The following description was taken from Transport and Environment:

The research described in this report has been performed by Loughborough Design School (LDS) under the CLOCS programme funded by TfL. The project was specified to allow an understanding of the variability of blind spots in direct vision through windows and indirect vision through mirrors for the top selling HGVs in the UK. The impetus for the research was the increasing number of accidents between Vulnerable Road Users (VRUs) and HGVs in London.

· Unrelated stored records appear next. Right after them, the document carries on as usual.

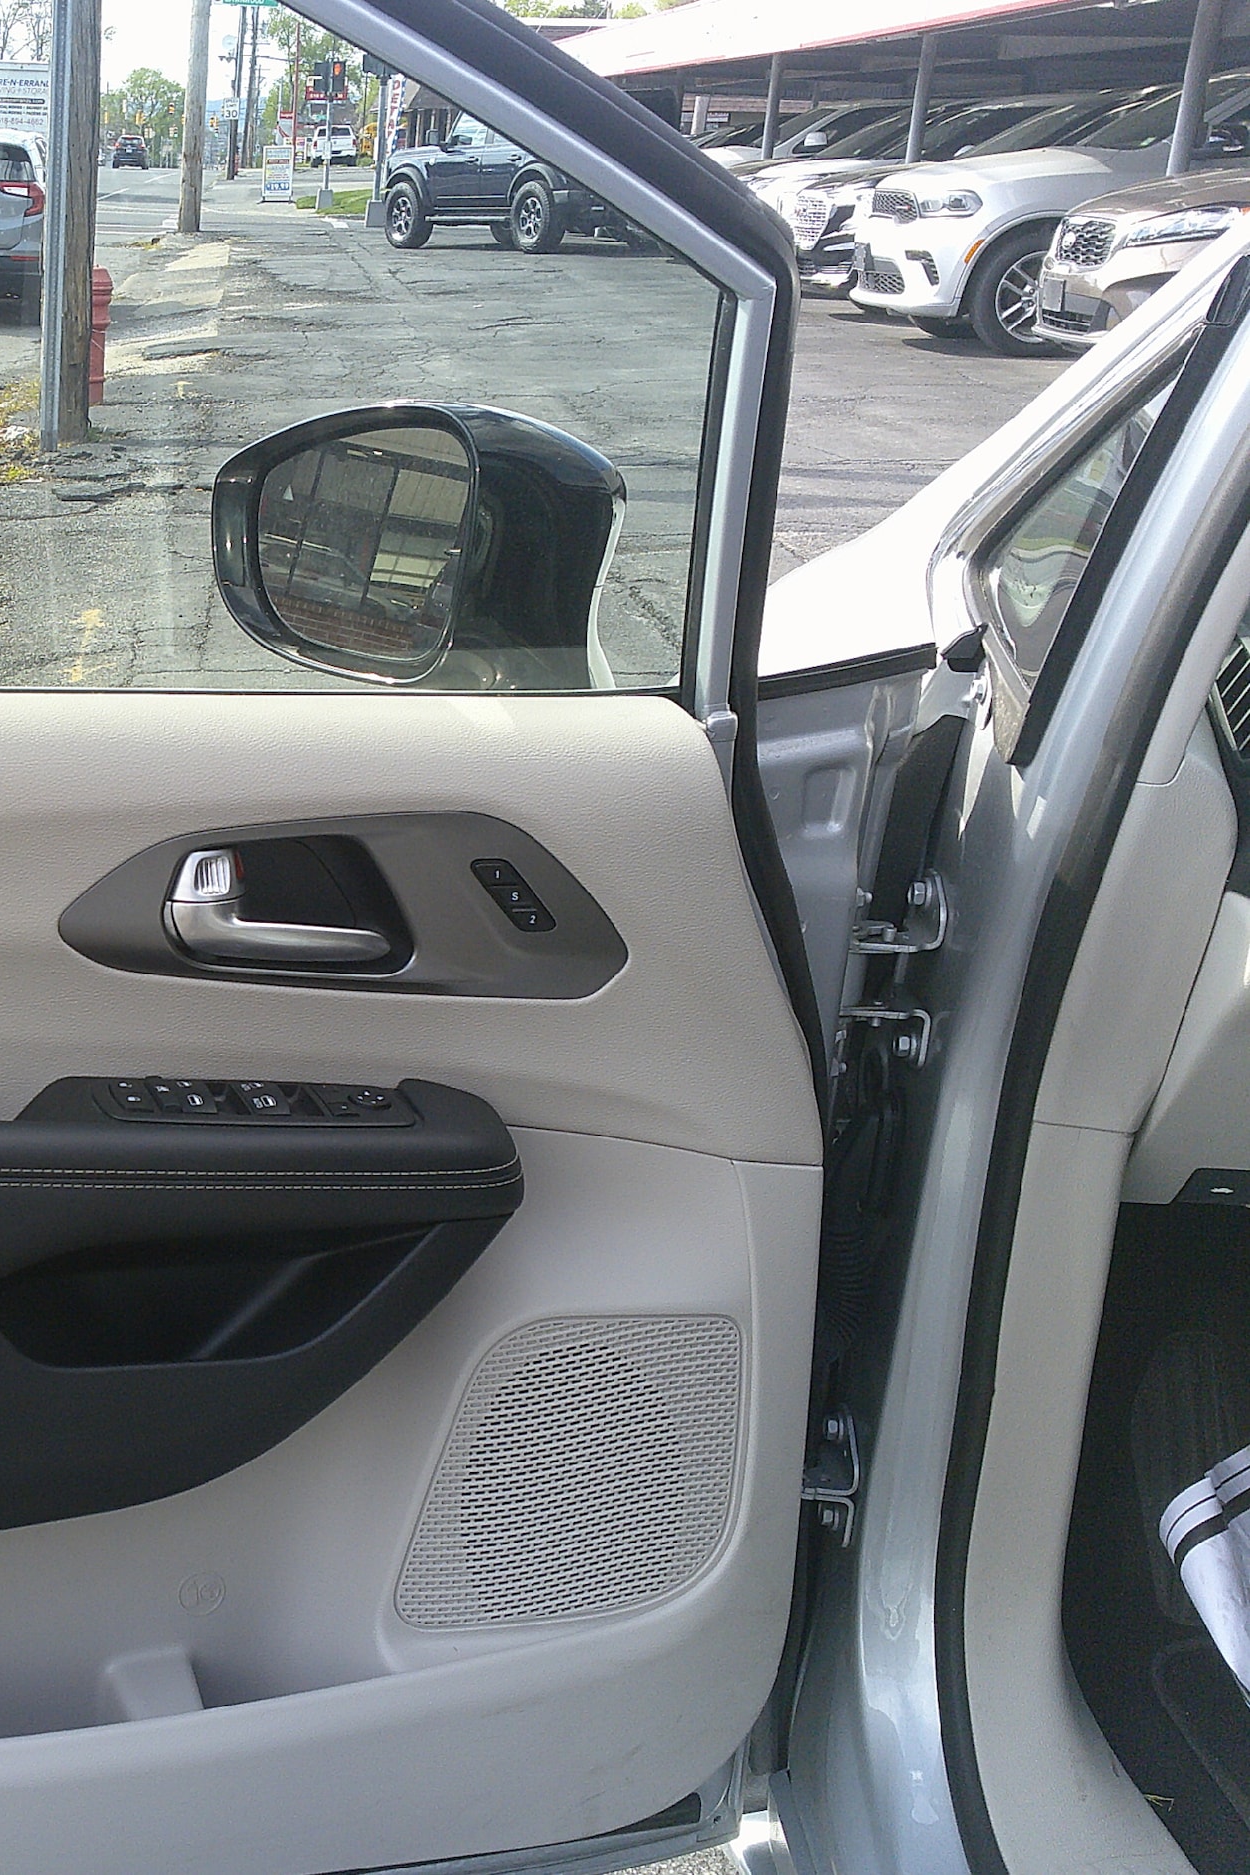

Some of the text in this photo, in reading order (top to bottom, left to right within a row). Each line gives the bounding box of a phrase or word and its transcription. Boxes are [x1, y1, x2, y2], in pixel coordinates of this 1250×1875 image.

[23, 87, 49, 96] STORA
[225, 109, 238, 118] 30
[494, 870, 500, 879] 1
[511, 891, 519, 901] S
[529, 915, 536, 924] 2

The aim was to compare the manufacturers’ most sold vehicle specifications to determine which vehicle design variables can affect the size of blind spots, and to explore issues that have been raised in previous research including the potential for construction HGVs to be involved in more accidents with VRUs than distribution variants of HGV designs. The LDS team have utilised a virtual modelling technique to explore this issue. This virtual approach allows multiple accident scenarios to be modelled and simulated. In order to allow the analysis of vehicle blind spots 19 vehicle models have been created by digitally scanning the real world vehicles.

The vehicles that have been modelled include construction, distribution and long haul HGV designs, as well as ‘high vision’ low entry cab designs. These models have been used in combination with simulations of cyclist and pedestrian VRUs in a manner which recreates critical accident scenarios that have been defined through the analysis of accident data.